Putting the three conditions together: plateauing economy, increased westernization and cultural/political conditioning to expect Chinese greatness, China’s expansion into the South China Sea is a display of it’s return to eminence. Through this China sends a message to Japan that the invasion into Manchuria  and Japan’s imperial expansionism has not been forgotten. It sends a message to the Chinese people that China may be slowing its economic growth but politically and militarily China has become a power to be reckoned with. China has told the United Nations Conventions on the Law of the Sea that they will not be dictated to. These are troubling signs.

China expects to transition into a service sector economy and market value added goods to the world rather than remain an exporter of low value goods.
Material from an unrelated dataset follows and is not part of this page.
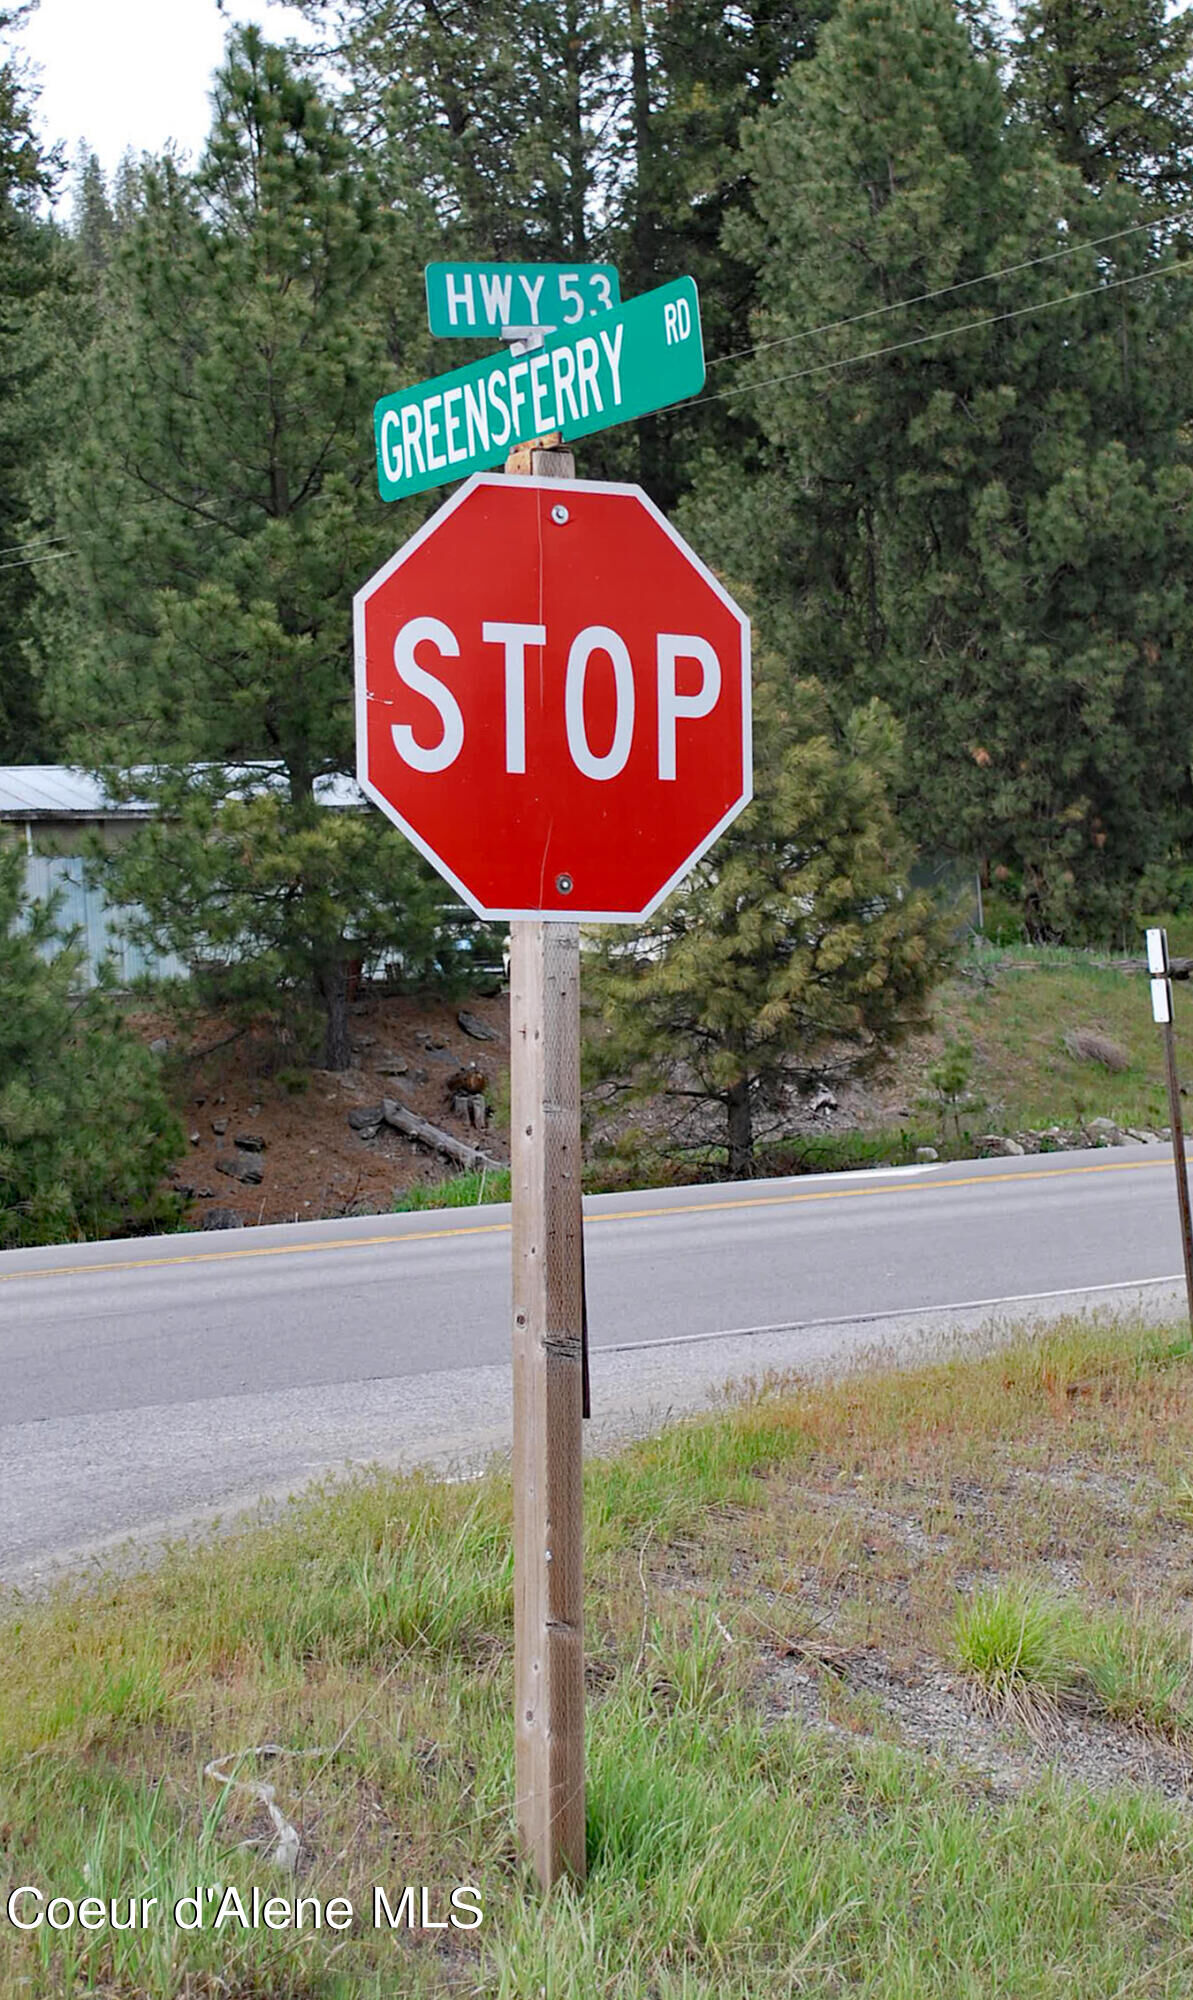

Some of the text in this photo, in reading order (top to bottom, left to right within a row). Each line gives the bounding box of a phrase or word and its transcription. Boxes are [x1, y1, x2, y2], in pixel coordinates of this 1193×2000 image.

[445, 273, 614, 326] HWY 53
[380, 298, 691, 483] GREENSFERRY RD
[390, 616, 722, 781] STOP
With Trump’s expected return to trade barriers and his accusations against China’s manipulation of currency, 2017 will see increased tensions between the super power and the rising super power. We could therefore expect greater activity from China in the South China Sea and a lot of strong words. There may be talk of war although it is extremely unlikely that the two powers would go to war in 2017.

As a resistance to China’s political strength we may see hand shakes between other Asian nations. In November 2016 Japan and India signed the Agreement for Cooperation in Peaceful Uses of Nuclear Energy.  The treaty will see Japan offer India nuclear fuel and technology and will strengthen their already warm relations. What is noteworthy here is that India is the only non signatory to the Non Proliferation Treaty that Japan has entered into a nuclear relation with. There is little doubt that one of the factors in such a decision is to provide a counter balance in Asia to China’s power. It is likely that 2017 will see further collaboration and cooperation between Japan and India.
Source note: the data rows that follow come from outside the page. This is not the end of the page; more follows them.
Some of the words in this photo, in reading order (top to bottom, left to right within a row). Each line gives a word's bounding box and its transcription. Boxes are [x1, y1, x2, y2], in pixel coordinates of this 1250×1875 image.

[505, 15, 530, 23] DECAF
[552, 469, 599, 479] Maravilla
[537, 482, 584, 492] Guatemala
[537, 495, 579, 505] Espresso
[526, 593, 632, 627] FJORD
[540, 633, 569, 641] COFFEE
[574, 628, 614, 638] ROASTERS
The menace with which China carries out its foreign policy efforts will continue to make other nations within the Pacific rim nervous. Australia has very strong trade relations with China however it’s defence reports have continually reported China to be its biggest military threat. Whilst culturally and socially tied to the West especially with the US, its economic ties have for the last two decades looked towards China and Asia. With China’s slowdown economically, Australia may have to look at where its interests lie. Trump has increasingly hinted at a return to traditional realist diplomacy and a retrenchment of troops. This gives further cause for China to carry on with expansionist foreign policies which could further lead to a creation of sides with America and its partners on one and China with its allies on the other. This will be a tricky position for Australia.

 Globally, as technology becomes increasingly integrated with the human experience nations will have to decide which side to pick in the battle against climate change. With changes in the political order, changes in trade relations and indeed cultural shifts in attitudes, concern for climate change may be pushed back. It will not be seen as urgent as it has been for the last ten to fifteen years. Aside from the shifts in political relations mentioned above, there is increased skepticism as the effects of climate change had been over blown in the past and none of them have come to fruition. People have also become tired of hearing about all weather phenomena being related to climate change. There are no observable consequences as yet that are apparent for all to see. As Trump and the world concentrate on new trade relations, economic opportunities and political relations, there is not much time left to focus on climate change. That is not to say that environmental groups and convinced scientists will not make noise and push to have climate policies ratified on the global stage. It is just a case of climate change being last on the agenda of global politicized issues amongst the big players.